---------- INPUT DATA ----------

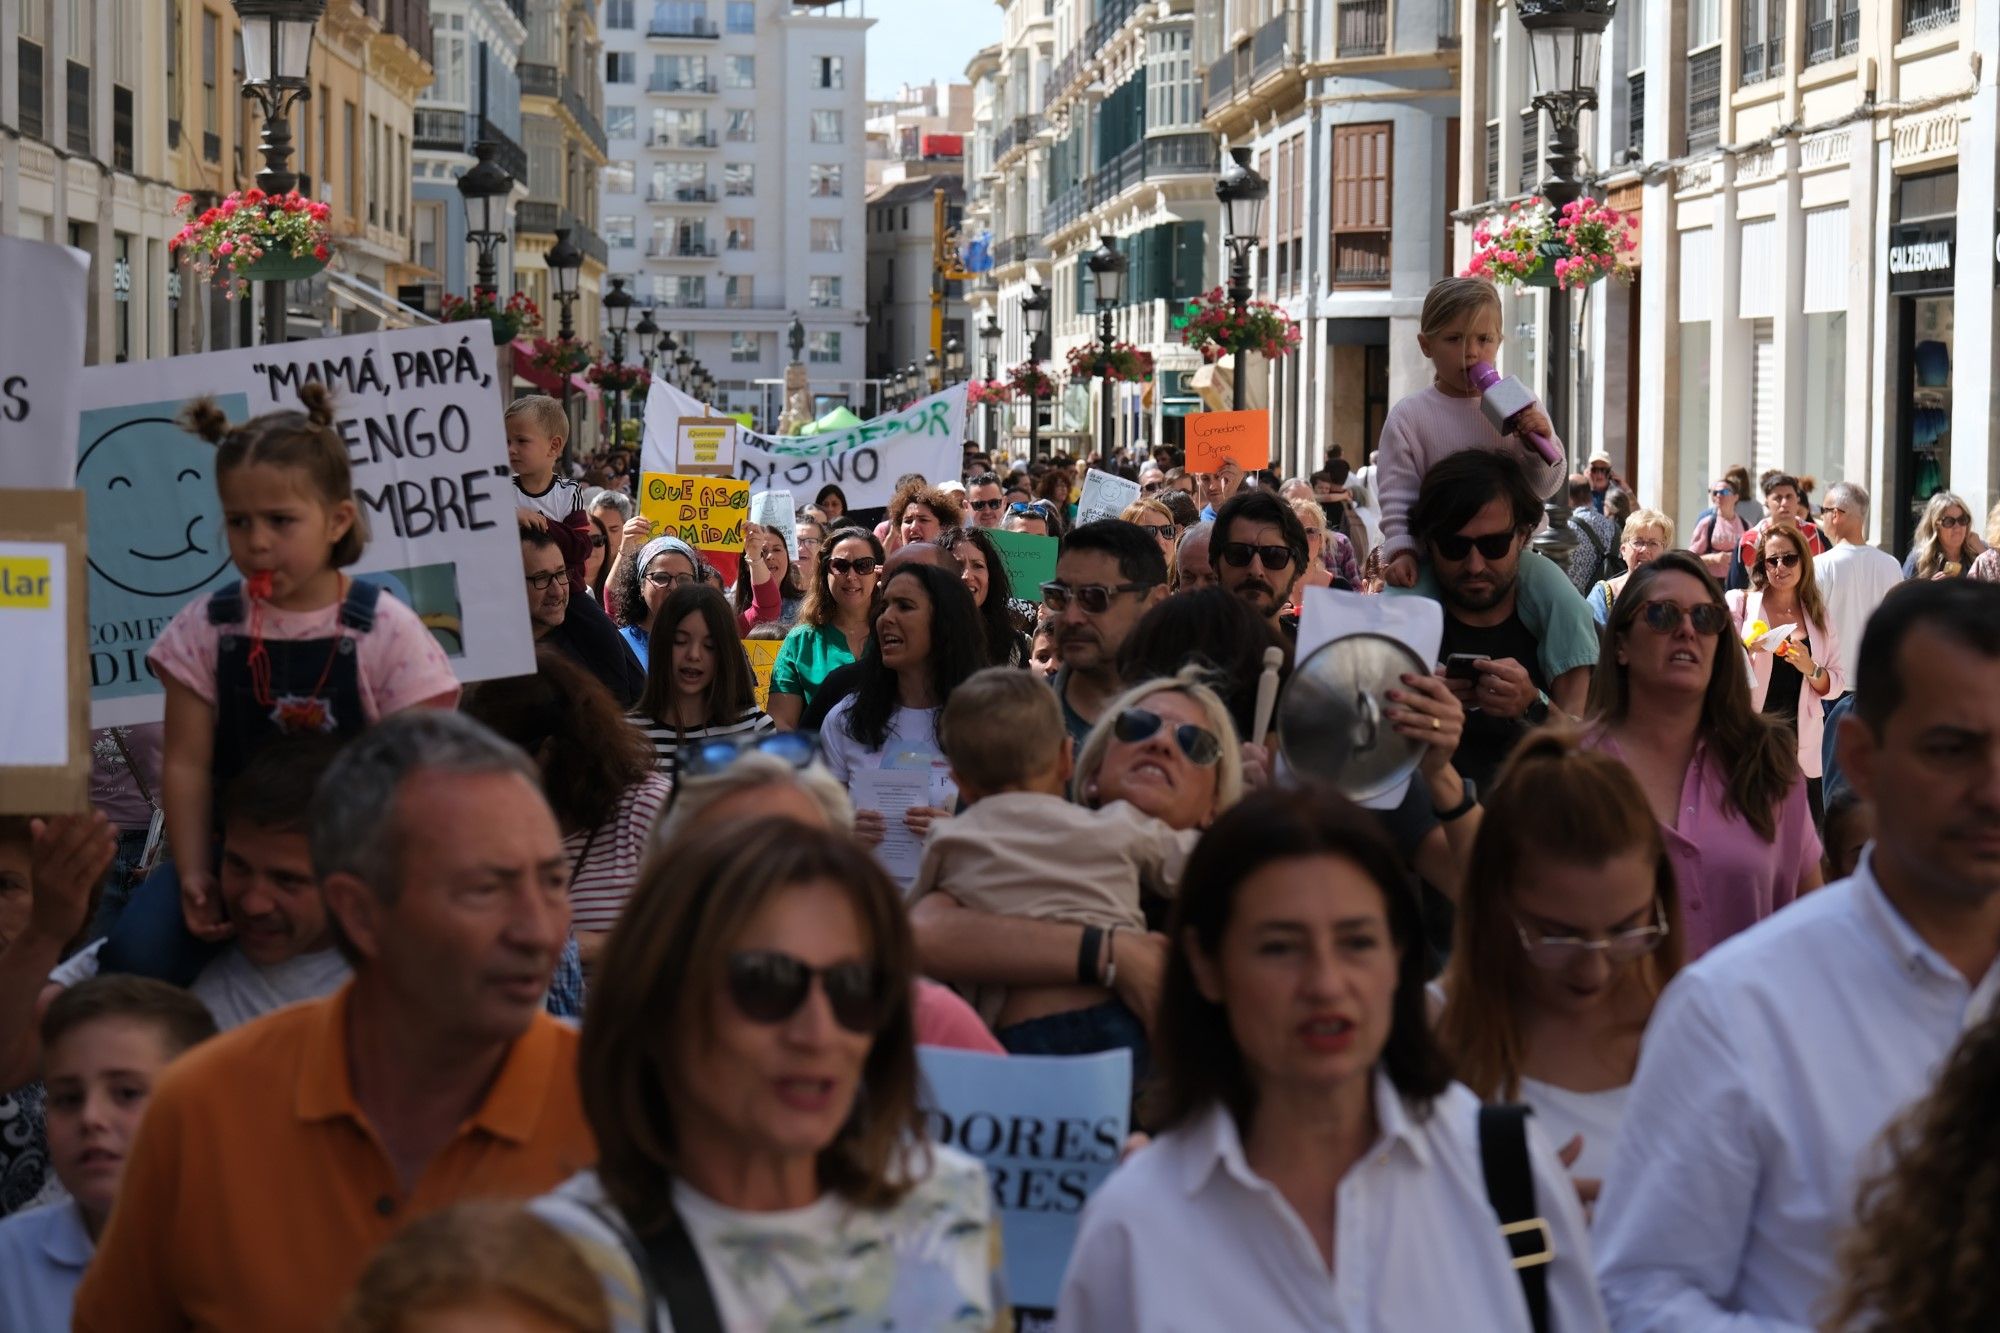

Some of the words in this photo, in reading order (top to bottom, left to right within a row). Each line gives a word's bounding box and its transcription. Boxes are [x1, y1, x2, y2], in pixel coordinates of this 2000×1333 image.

[1889, 241, 1950, 274] CALZEDONIA
[392, 336, 492, 389] PAPÁ,
[336, 403, 471, 467] ENGO
[354, 464, 511, 539] MBRE"
[679, 504, 709, 521] DE
[700, 486, 749, 509] ASCO
[1006, 543, 1041, 560] edores
[0, 569, 50, 597] lar
[90, 616, 173, 646] OME
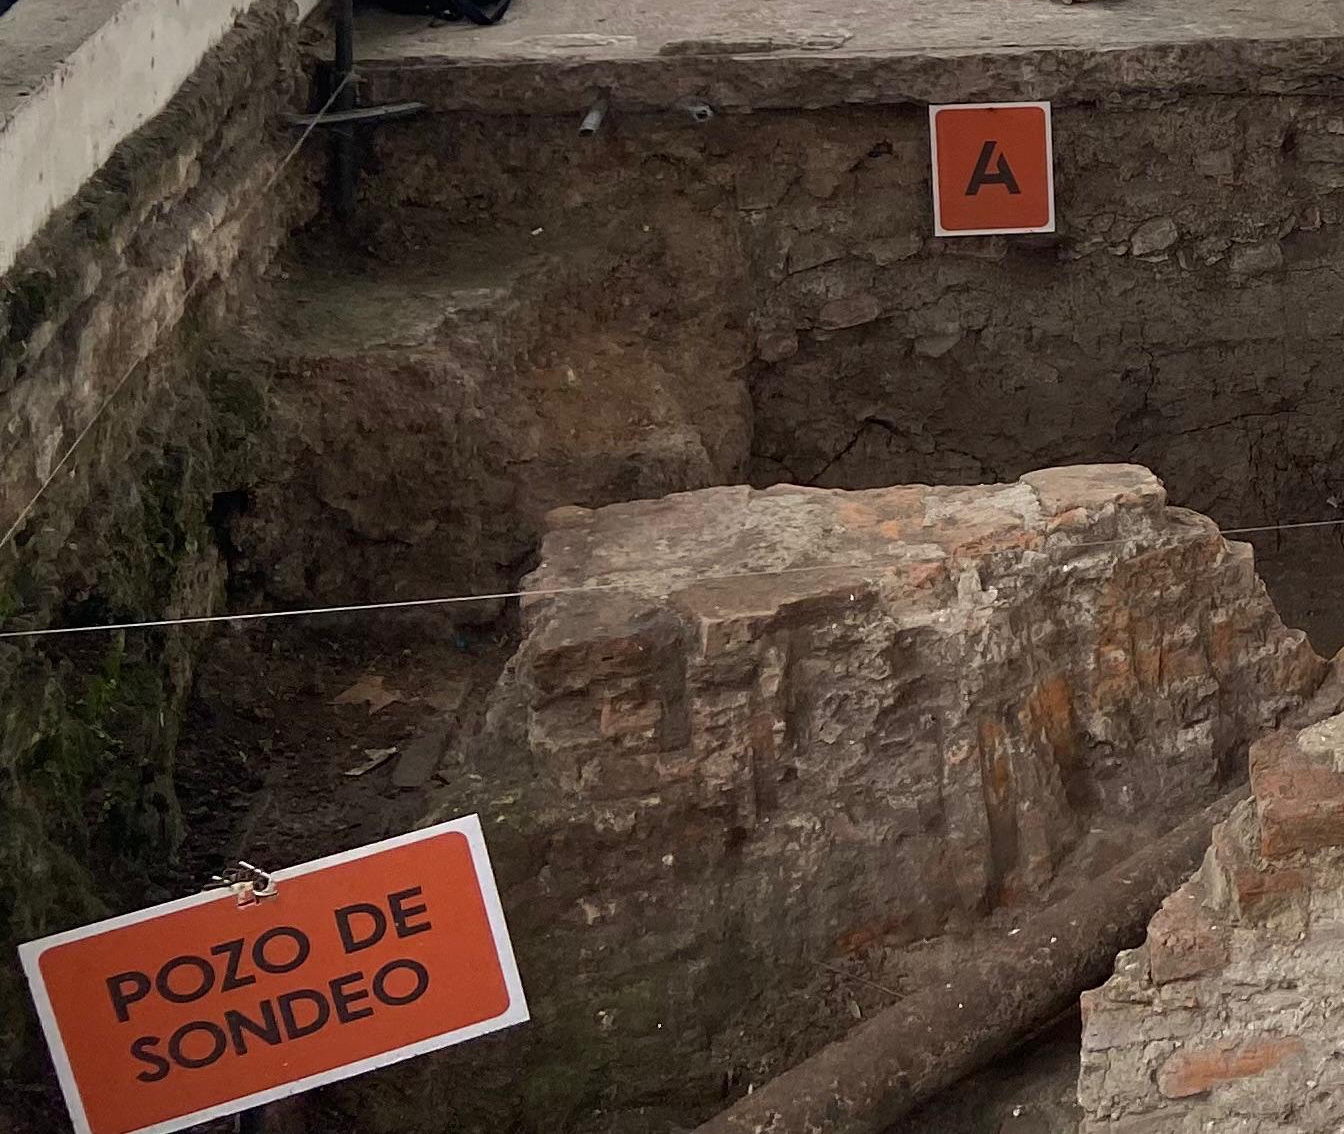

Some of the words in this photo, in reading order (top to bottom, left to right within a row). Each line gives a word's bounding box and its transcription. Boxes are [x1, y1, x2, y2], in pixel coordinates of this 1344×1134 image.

[964, 140, 1022, 196] A
[106, 926, 311, 1023] POZO
[334, 886, 432, 955] DE
[130, 957, 430, 1083] SONDEO
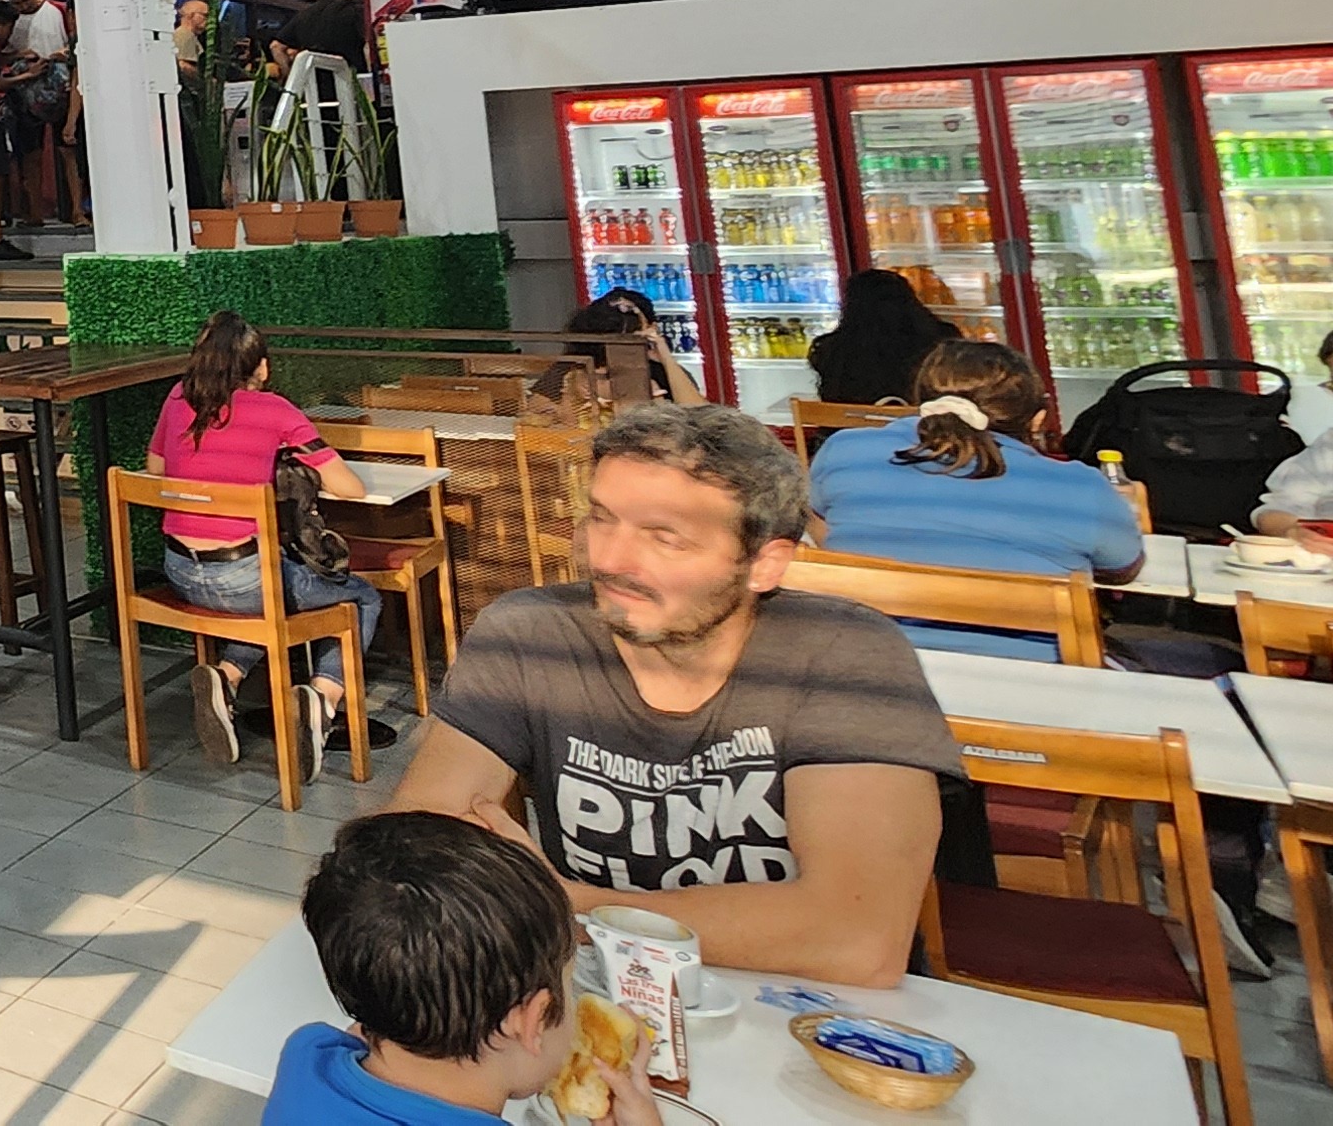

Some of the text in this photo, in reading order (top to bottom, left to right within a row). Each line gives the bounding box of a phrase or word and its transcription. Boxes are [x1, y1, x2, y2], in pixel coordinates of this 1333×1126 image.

[590, 103, 653, 121] Coca-Cola
[716, 93, 785, 115] Coca-Cola
[567, 736, 600, 771] THE
[600, 749, 651, 787] DARK
[556, 770, 787, 858] PINK
[621, 986, 665, 1006] Niñas

----------

WORK INSTRUCTIONS: Each entry above should be copied word for word, with the images omitted.

TASK OUTPUT:
Some of the words in this photo, in reading order (top to bottom, left to right within a row). Each line gives a word's bounding box and its transcription. Boxes are [x1, y1, x2, y2], in pixel coordinates of this 2000×1333 image.

[1889, 241, 1950, 274] CALZEDONIA
[392, 336, 492, 389] PAPÁ,
[336, 403, 471, 467] ENGO
[354, 464, 511, 539] MBRE"
[679, 504, 709, 521] DE
[700, 486, 749, 509] ASCO
[1006, 543, 1041, 560] edores
[0, 569, 50, 597] lar
[90, 616, 173, 646] OME

Some of the words in this photo, in reading order (top to bottom, left to right within a row). Each line gives a word's bounding box and its transcription. Boxes are [x1, y1, x2, y2], in pixel coordinates of this 1344×1134 image.

[964, 140, 1022, 196] A
[106, 926, 311, 1023] POZO
[334, 886, 432, 955] DE
[130, 957, 430, 1083] SONDEO

Some of the text in this photo, in reading order (top to bottom, left to right within a row). Each line gives the bounding box of a phrase or word and its transcription. Boxes are [x1, y1, x2, y2], in pixel coordinates of this 1333×1126 image.

[590, 103, 653, 121] Coca-Cola
[716, 93, 785, 115] Coca-Cola
[567, 736, 600, 771] THE
[600, 749, 651, 787] DARK
[556, 770, 787, 858] PINK
[621, 986, 665, 1006] Niñas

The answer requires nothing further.